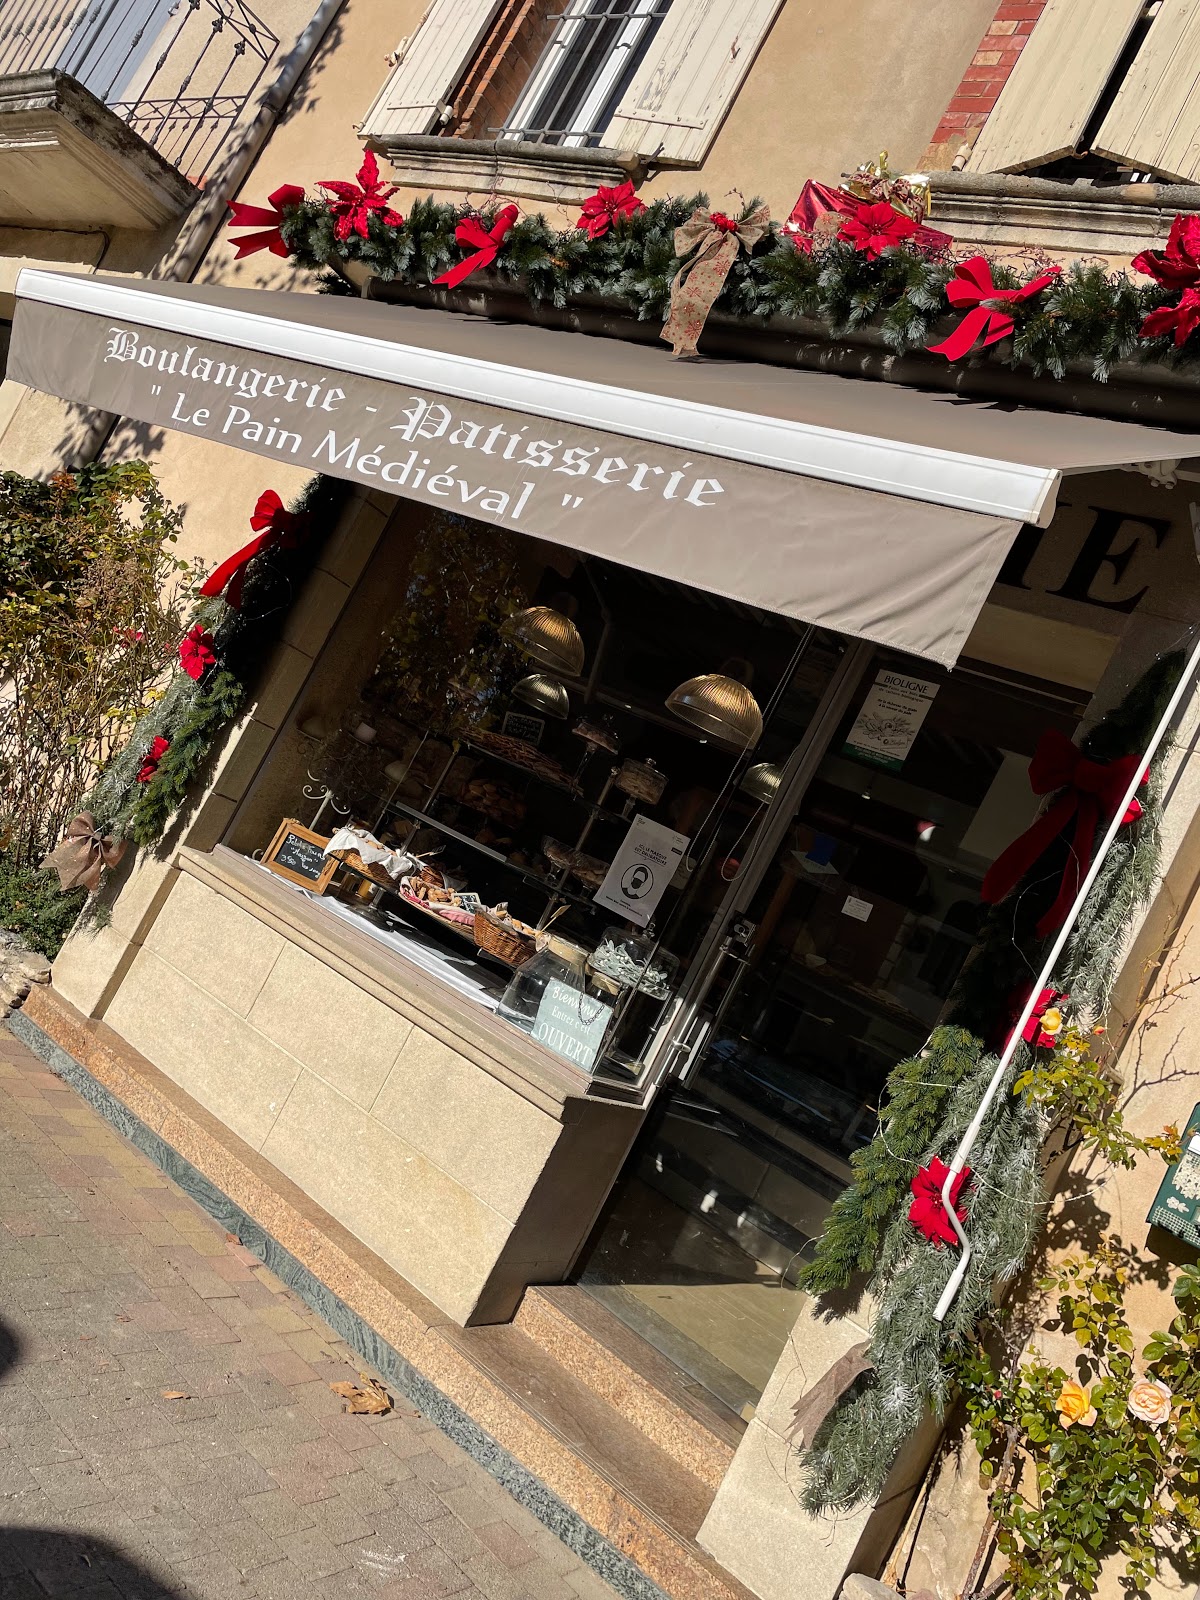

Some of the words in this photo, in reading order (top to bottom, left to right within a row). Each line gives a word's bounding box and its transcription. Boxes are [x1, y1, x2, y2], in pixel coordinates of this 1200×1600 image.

[103, 327, 347, 413] Boulangerie
[389, 396, 725, 507] Patisserie
[171, 393, 206, 428] Le
[221, 404, 302, 454] Pain
[312, 429, 535, 519] Médiéval
[883, 675, 929, 694] BIOLIGNE
[551, 1005, 575, 1026] Entrez
[538, 1022, 593, 1065] OUVERT
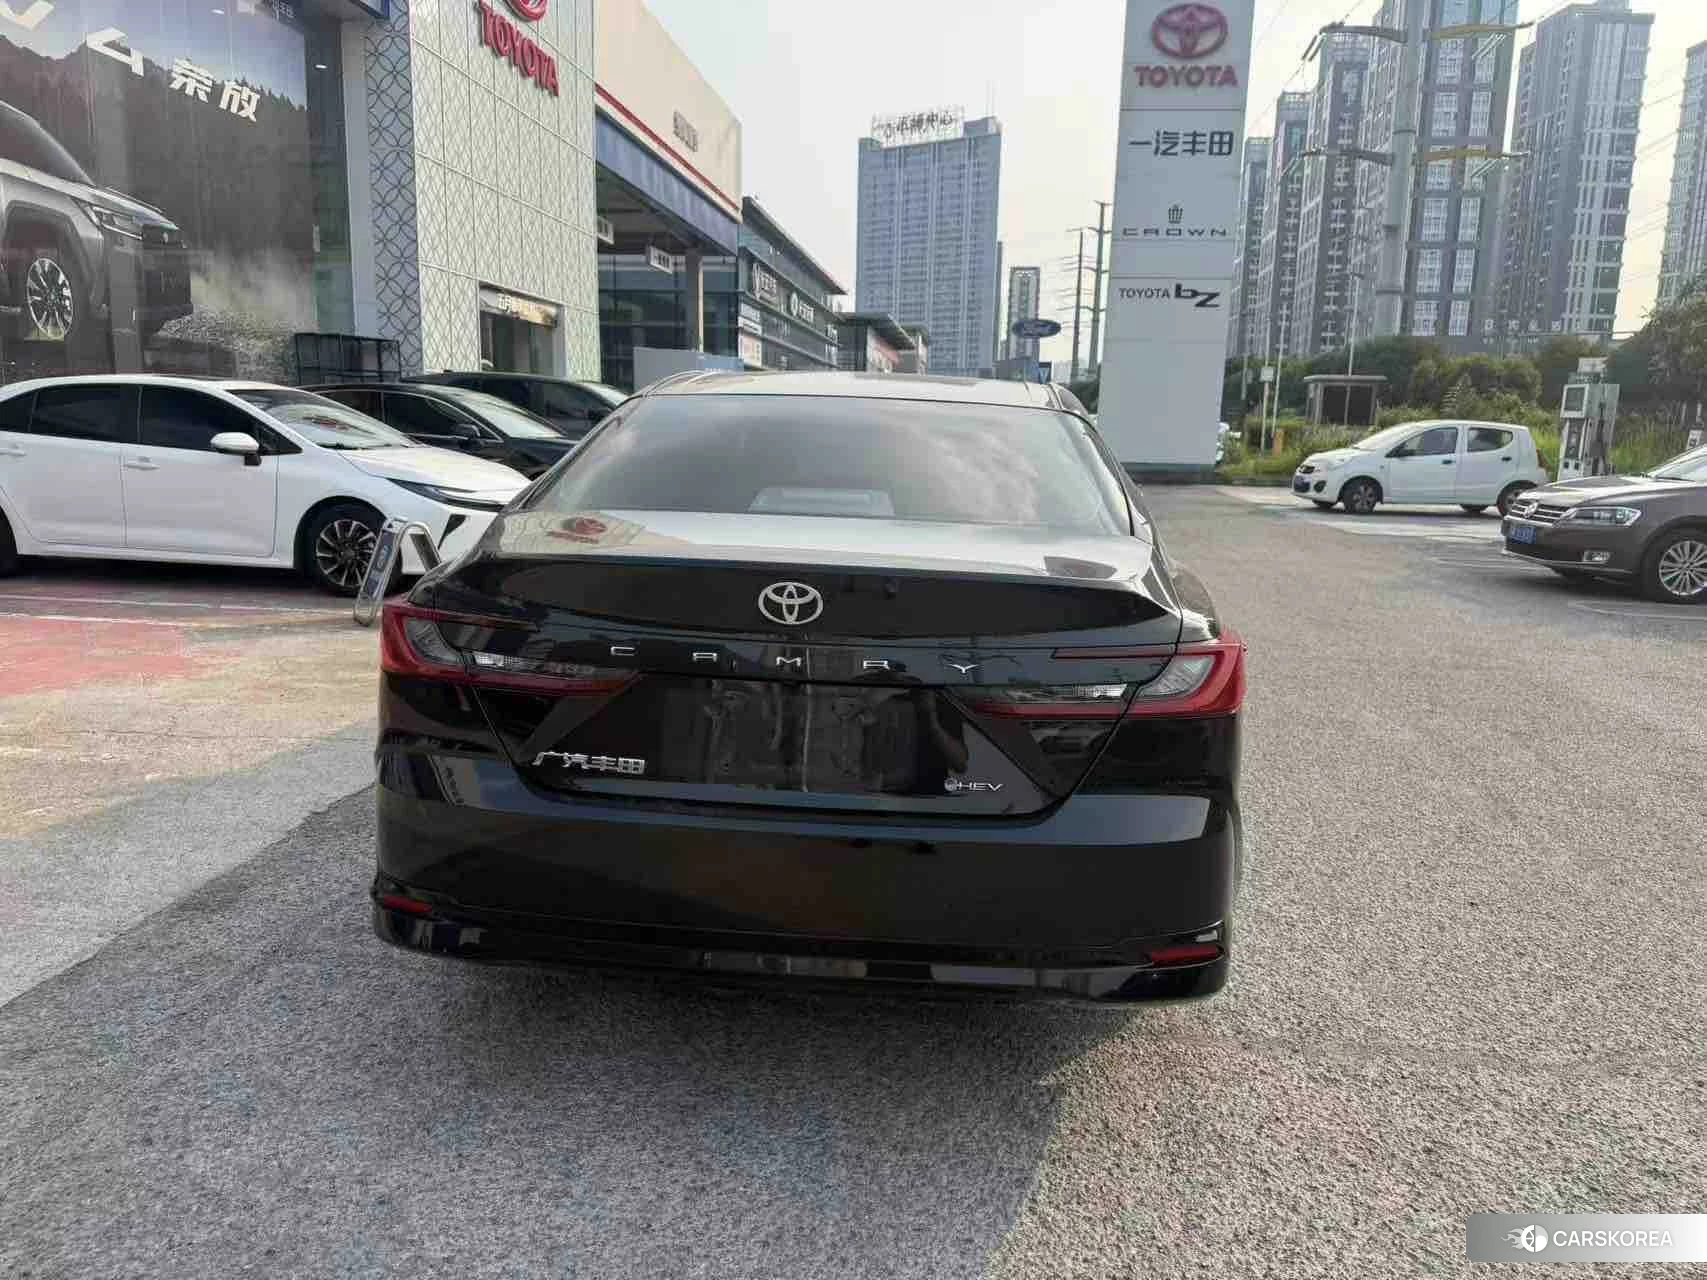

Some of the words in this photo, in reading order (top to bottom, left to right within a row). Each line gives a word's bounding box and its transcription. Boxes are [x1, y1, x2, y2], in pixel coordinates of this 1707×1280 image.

[479, 0, 560, 97] TOYOTA
[1134, 65, 1239, 88] TOYOTA
[169, 56, 261, 122] 荣放
[1128, 130, 1235, 157] 一汽丰田
[1122, 227, 1228, 238] CROWN
[1119, 287, 1171, 299] TOYOTA
[610, 645, 980, 674] CAMRY
[531, 751, 645, 775] 广汽丰田
[959, 781, 1004, 792] HEV
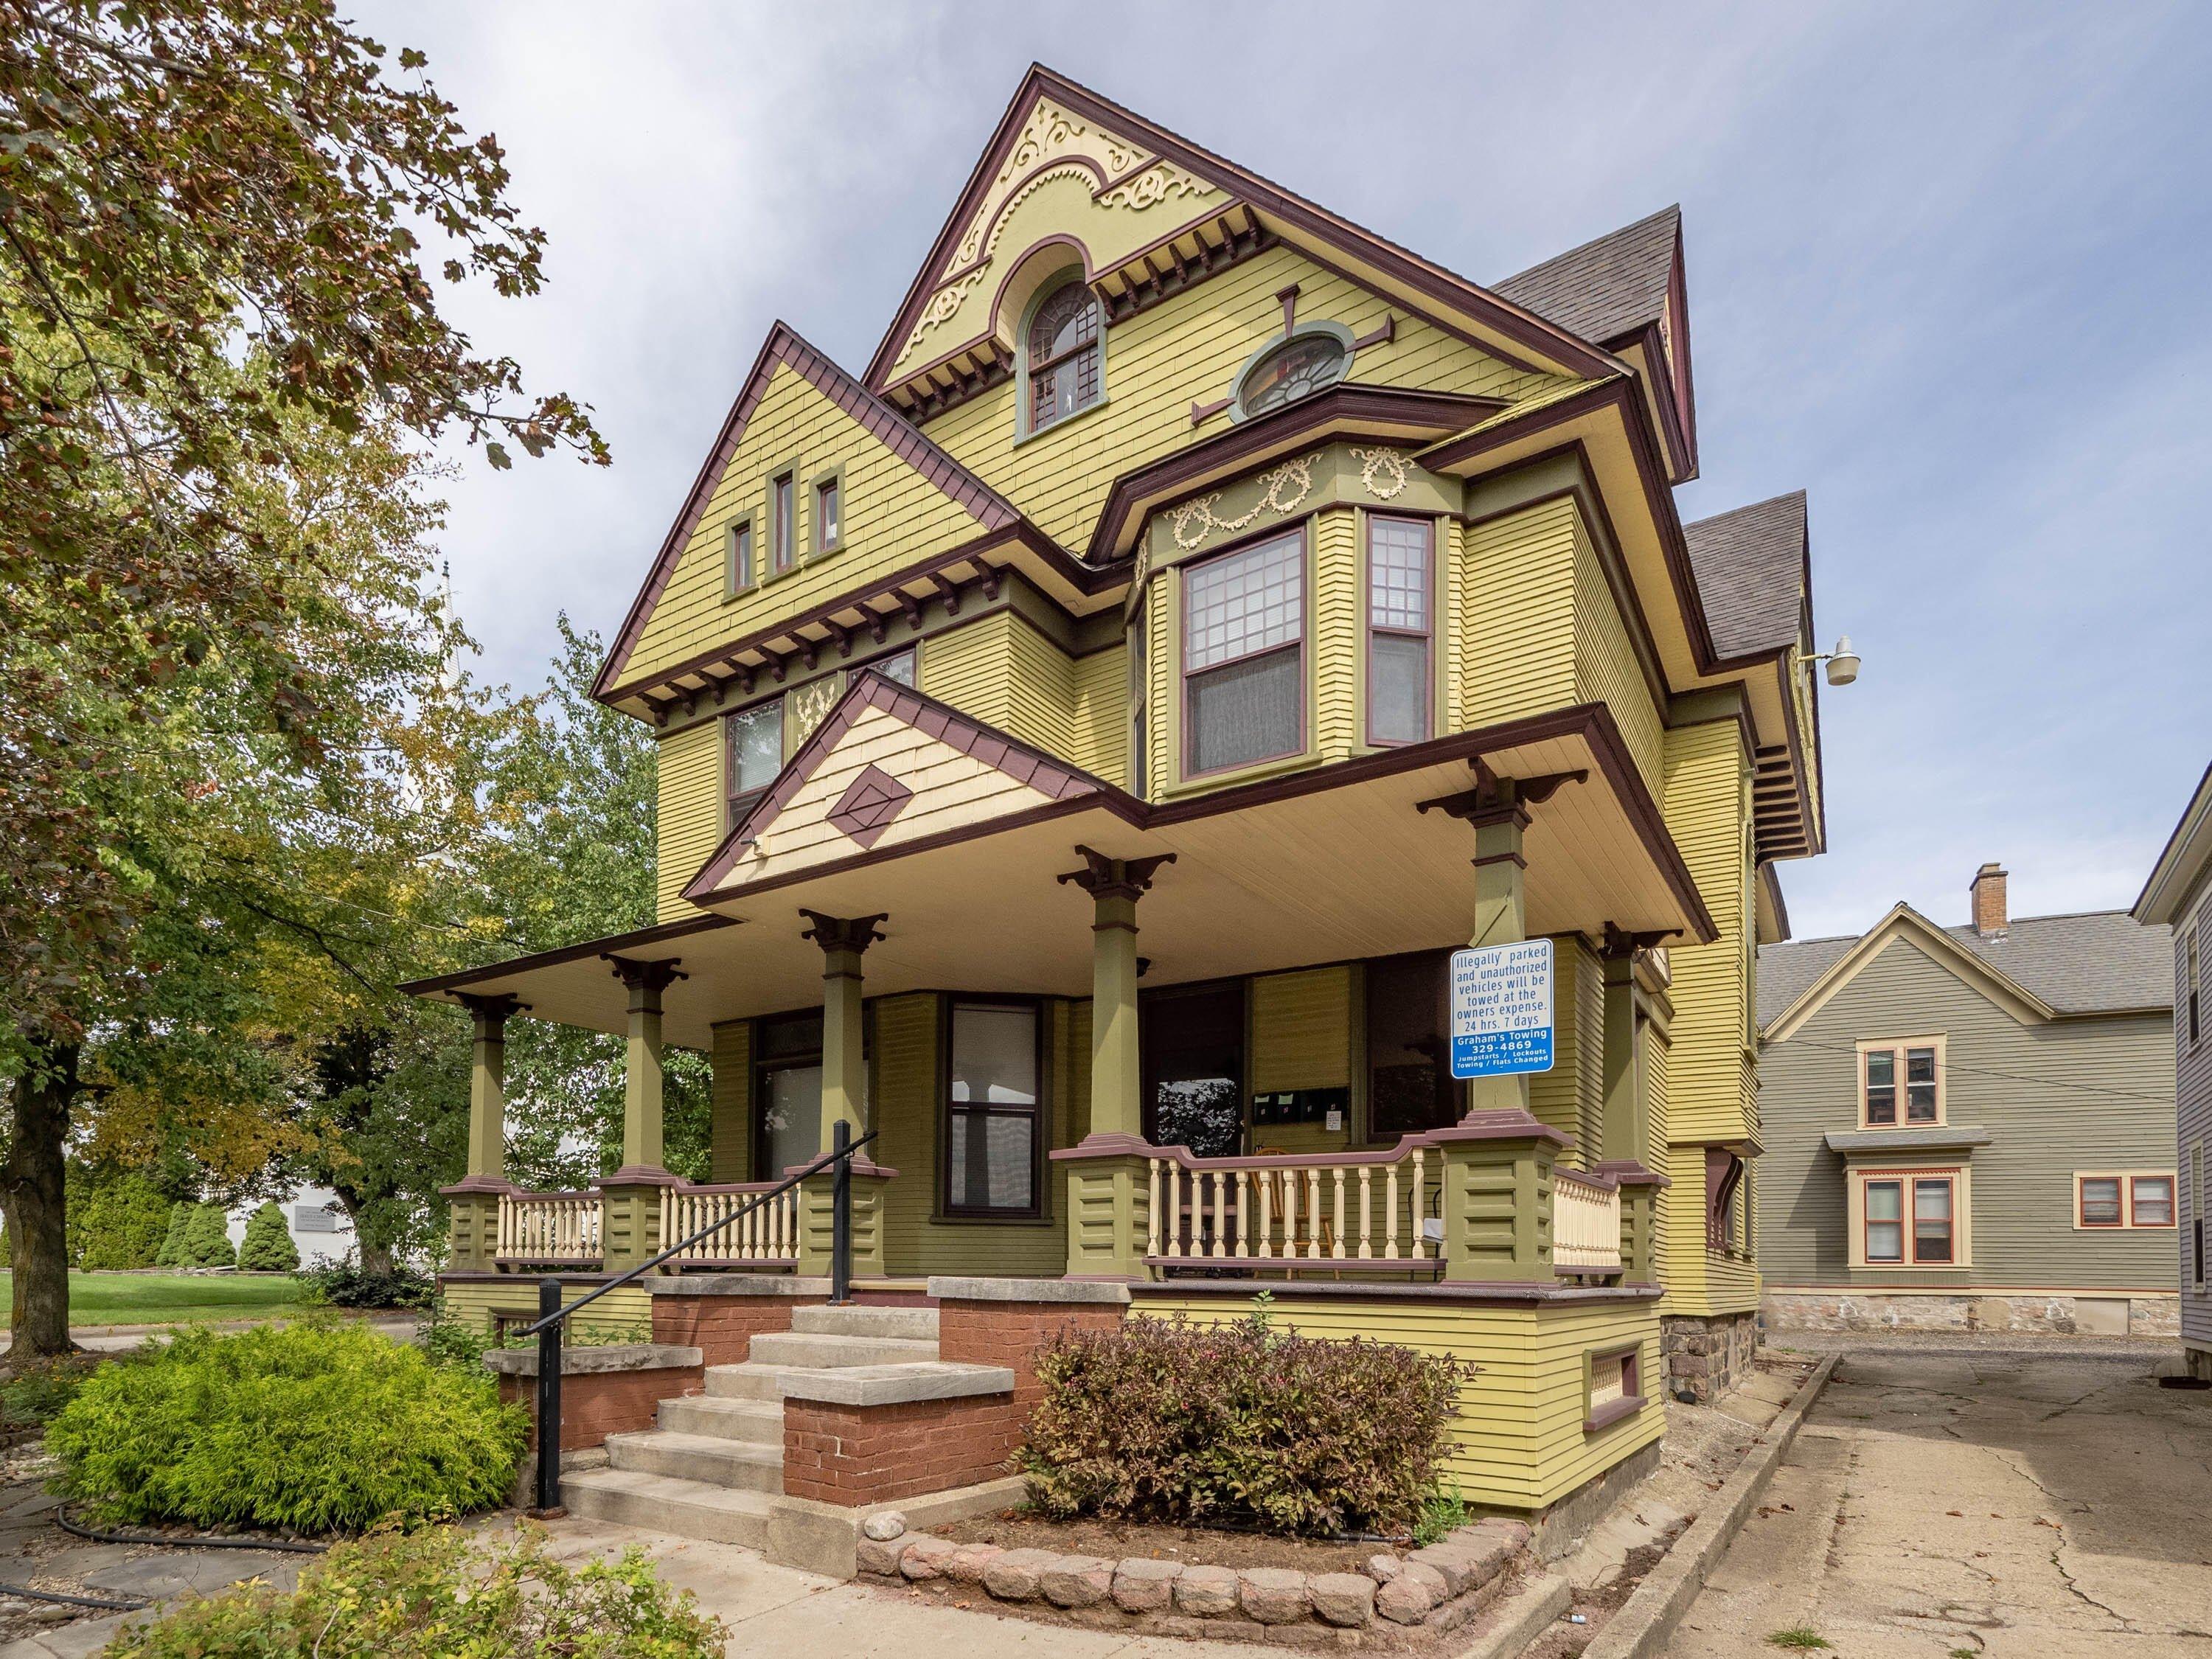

——

### Your task:
All of the material above should be output exactly, with the pictures left behind.

### Exercise output:
Some of the words in this photo, in reading order (top to bottom, left to right within a row). Each line gives a word's bounding box and its transcription. Boxes are [x1, y1, x2, y2], in pixel coordinates of this 1200×1600 image.

[103, 327, 347, 413] Boulangerie
[389, 396, 725, 507] Patisserie
[171, 393, 206, 428] Le
[221, 404, 302, 454] Pain
[312, 429, 535, 519] Médiéval
[883, 675, 929, 694] BIOLIGNE
[551, 1005, 575, 1026] Entrez
[538, 1022, 593, 1065] OUVERT

Some of the words in this photo, in reading order (top to bottom, left to right within a row). Each line gives a word's bounding box and its transcription. Boxes are [x1, y1, x2, y2], in pixel coordinates of this 1707×1280 image.

[479, 0, 560, 97] TOYOTA
[1134, 65, 1239, 88] TOYOTA
[169, 56, 261, 122] 荣放
[1128, 130, 1235, 157] 一汽丰田
[1122, 227, 1228, 238] CROWN
[1119, 287, 1171, 299] TOYOTA
[610, 645, 980, 674] CAMRY
[531, 751, 645, 775] 广汽丰田
[959, 781, 1004, 792] HEV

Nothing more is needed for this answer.